Before the holidays we were briefed on a live, participatory practice based project lasting 6 weeks called the Tetley Feast involving the new Tetley centre that myself and my fellow second and first year VisCom students at Leeds College of Art will be participating in. We were each assigned a community group that we will be working with, the first years will be documenting the project and myself and fellow second years will be responding to each group differently and planning, designing, making and doing something for a community event at The Tetley on the 12th February. With our aim being to present the diversity of south Leeds community to a wider audience within a contemporary art context.


our challenges are:

  • It has to be temporary, have impact and be full of energy.
  • respond to the space
  • respond to the brief and communicate the community groups to a wider audience
  • inclusive and sensitive to all groups involved and local community
  • work together an involve the groups as much as possible

I was assigned The Hunslet club as the community organisation I would be working with, so as I know little about them I decided it would be wise to research them…
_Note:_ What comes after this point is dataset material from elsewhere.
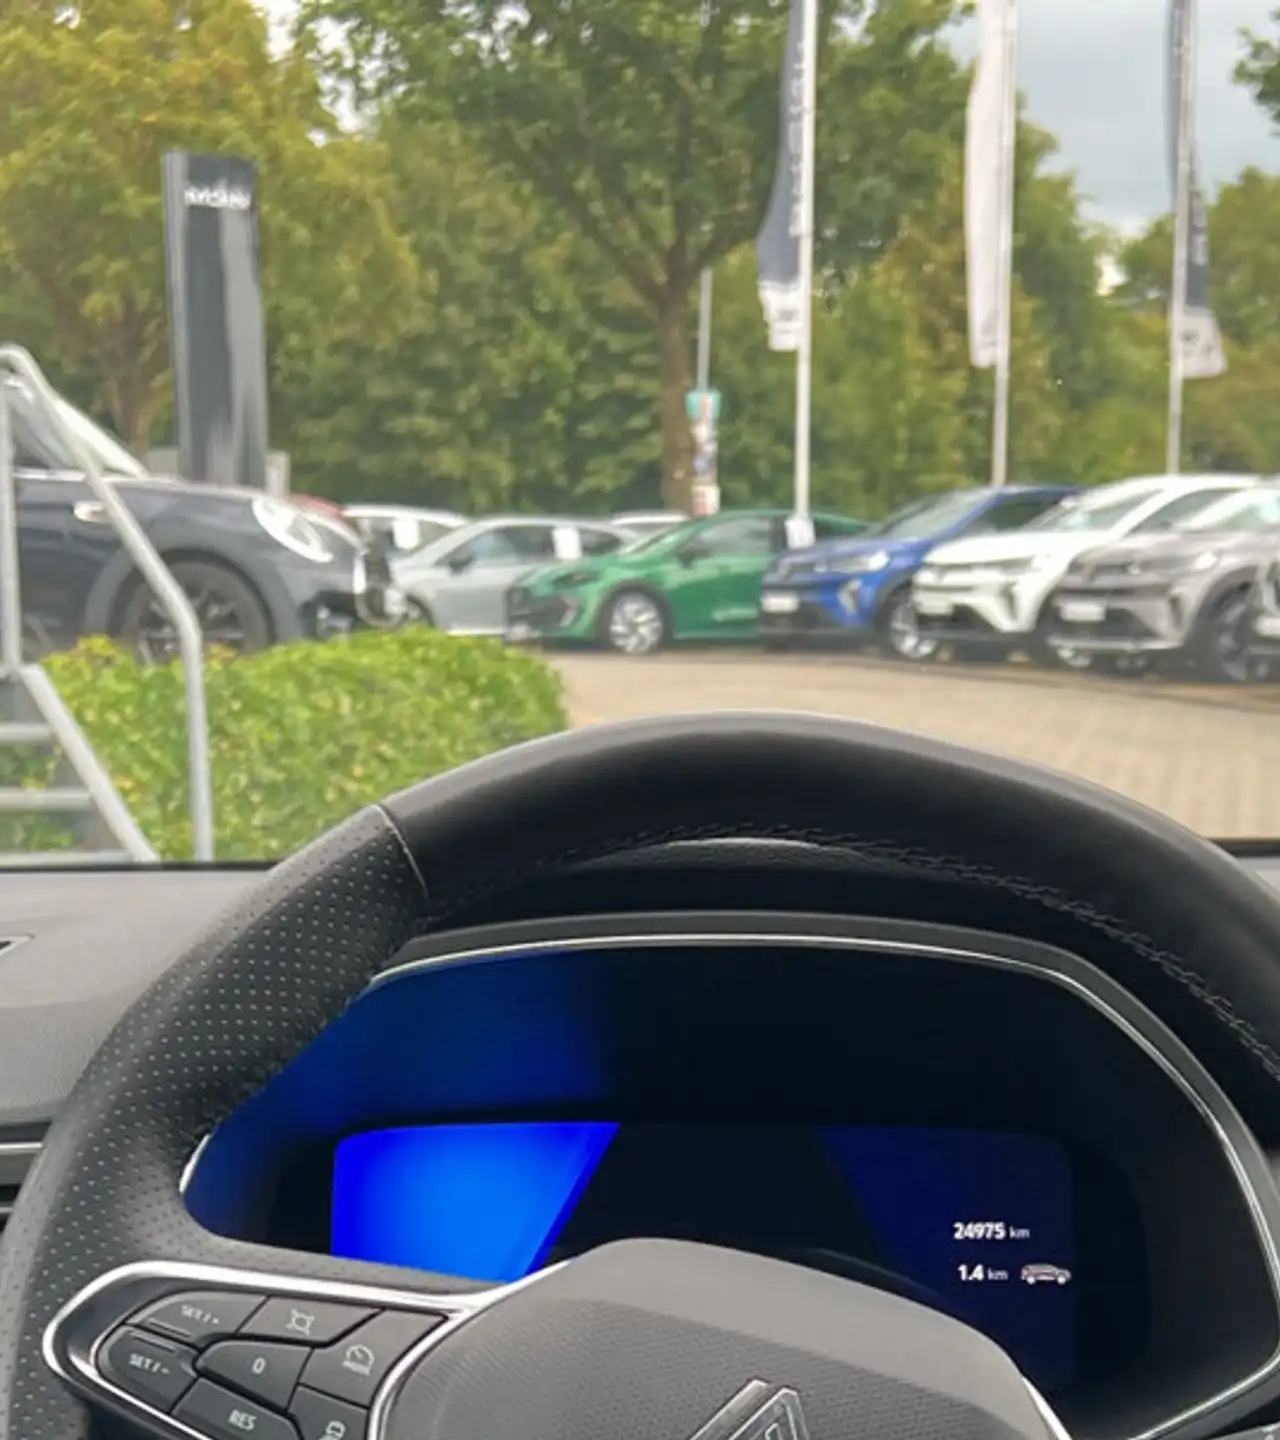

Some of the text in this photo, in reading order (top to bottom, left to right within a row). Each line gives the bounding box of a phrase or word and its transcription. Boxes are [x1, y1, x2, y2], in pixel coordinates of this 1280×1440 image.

[952, 1221, 1031, 1240] 24975 km
[957, 1263, 1009, 1281] 1.4 km
[228, 1409, 258, 1431] RES
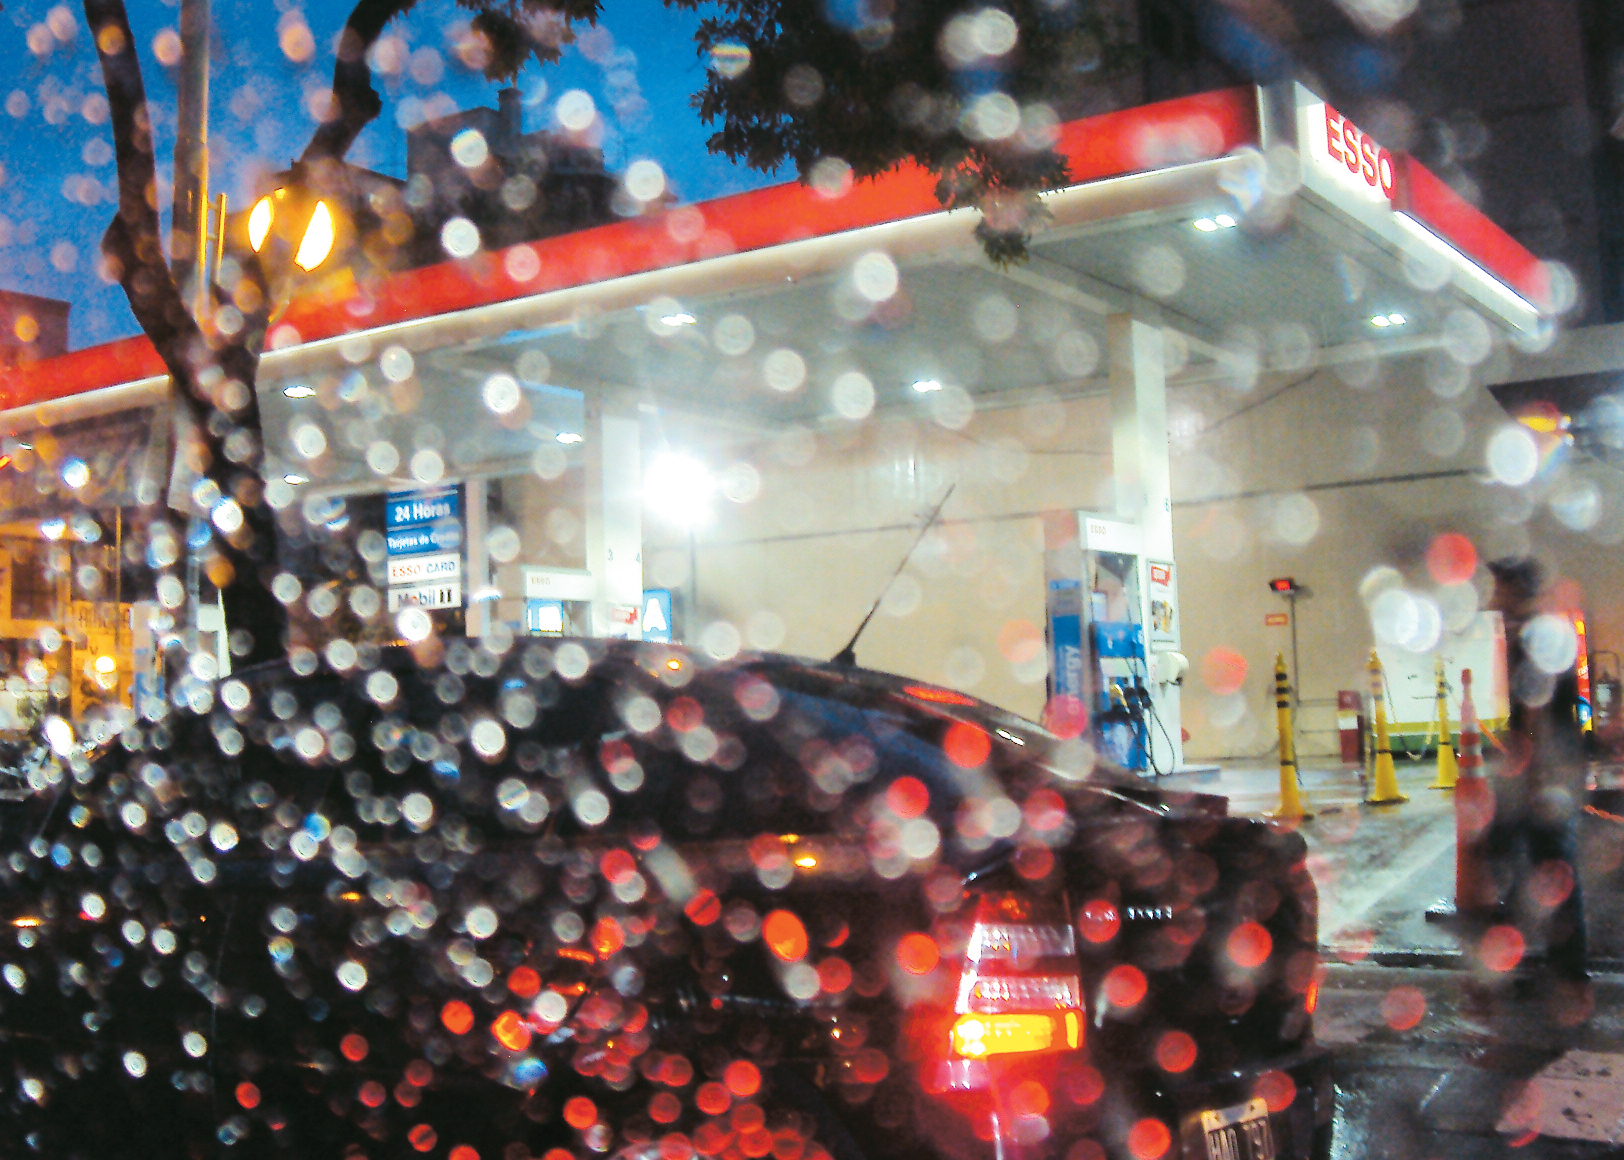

“The Hunslet Club has been meeting the needs of thousands of young people in South Leeds for over seventy years. The club provides a wide ranging evening and weekend programme of youth based activities including football, musical theatre, boxing, Irish dance, performing arts, cheerleading, gymnastics, hip hop, ballet and other leisure activities for over 2,000 young people per week to help them reach their full potential.”

This group seem constantly actively involved in the community and keeping youth active. Providing activities they may not otherwise get a chance to participate in making it in my opinion almost invaluable because they aren’t just providing something for the community, but they’re providing experiences too.

They also have much information on what they’ve done over the years, as they’ve been working actively in the community for over 50 years.

  • “In 1940 Hunslet was home to thousands of workers who filled the busy factories of South Leeds. There were few facilities for recreation for the young before they joined the services. In the early days during the war and just after, Hunslet was the most heavily industrialized district of South Leeds.Mills, chemical works and factories all contributed to the war effort and to the grime of cobbled streets and back-to-back houses They were dark days of dusk till dawn blackouts, air raid sirens, searchlights and reinforced cellars conditions were often grim, times were hard, family resources were as limited as personal aspirations.
  • As the 1950’s approached social changes were taking place, which would challenge youth and community work. The great festival of Britain was celebrated with galas, dances, carnival parades, exhibitions and a club trip to London. In 1950 there was a grand 10th anniversary celebration at the club Christmas party. It was attended by the Lord Mayor of Leeds it was a milestone in the clubs history.
  • In 1960, Dr Wyllie, the clubs founder sadly died. A local authority re-development programmed had commenced. It was to include the demolition of local housing and, eventually, the compulsory purchase by local authority of the Waterloo Road premises. Many families were re-housed in other areas and this effected membership figures for a while. In response Hunslet Boys Club took on a wider community role, positive workers links were developed with allied agencies, schools and employers. The Club shared its strengths in joint projects such as Intermediate Treatment for Young Offenders and Duke of Edinburgh award activities. There was a steady intake of boys on referral from Social Services and the probation Service.
  • The money was raised and building of the new club commenced – it was to have a main hall and stage, gymnasium, activity and craft rooms, the Kirby chapel, changing rooms and storage space, girls lounge and facilities, a quiet study room as well as a lounge/common room. Outside was a floodlit play area with access to playing fields. And a caretaker’s flat provided security for the premises.
  • By the early 80’s there was general alarm at widespread inner city riots by disaffected youths. The Secretary of State for the environment announced £95 million aid for inner cities. Youth and community services considered their role in rebuilding relationships between the police and local communities and in working with young people in multi racial settings. The club was ideally located with the right facilities and infrastructure to make a telling impact on the local youth unemployment situation over and above the positive work already going on with existing members.
  • The 1990’s got off to a flying start with a Jubilee Reunion. Fathers sons, uncles and cousins spanning the generations of membership came from far and wide to celebrate 50 years of the club. When most other clubs were struggling to make ends meet, Hunslet after a full and comprehensive survey bravely embarked on a positive programmed of improvement and development.
  • The beginning of the 21st Century has seen the club continue to grow from strength to strength with the expansion and development of a programme of vocational training opportunities for young people during the day. Schools across the area were soon learning that the Club had the facilities and teaching staff to train young people in vital and varied work related skills such as car and bike mechanics, construction, hair dressing and beautician skills. Hundreds of pupils have been sent from schools to the club and gained invaluable accredited qualifications.”

It is clear from this that the Hunslet club have played a huge role in the supporting of growth and community of south Leeds. I think it would be important to make this aware during the event that we come to hold. But i also think that the activities and events they hold an have held in the past means that its vital for this to be an event full of life and celebration, a positive coming together of a community and those who have helped it bloom and keep strong.

I look forward to meeting and working with them.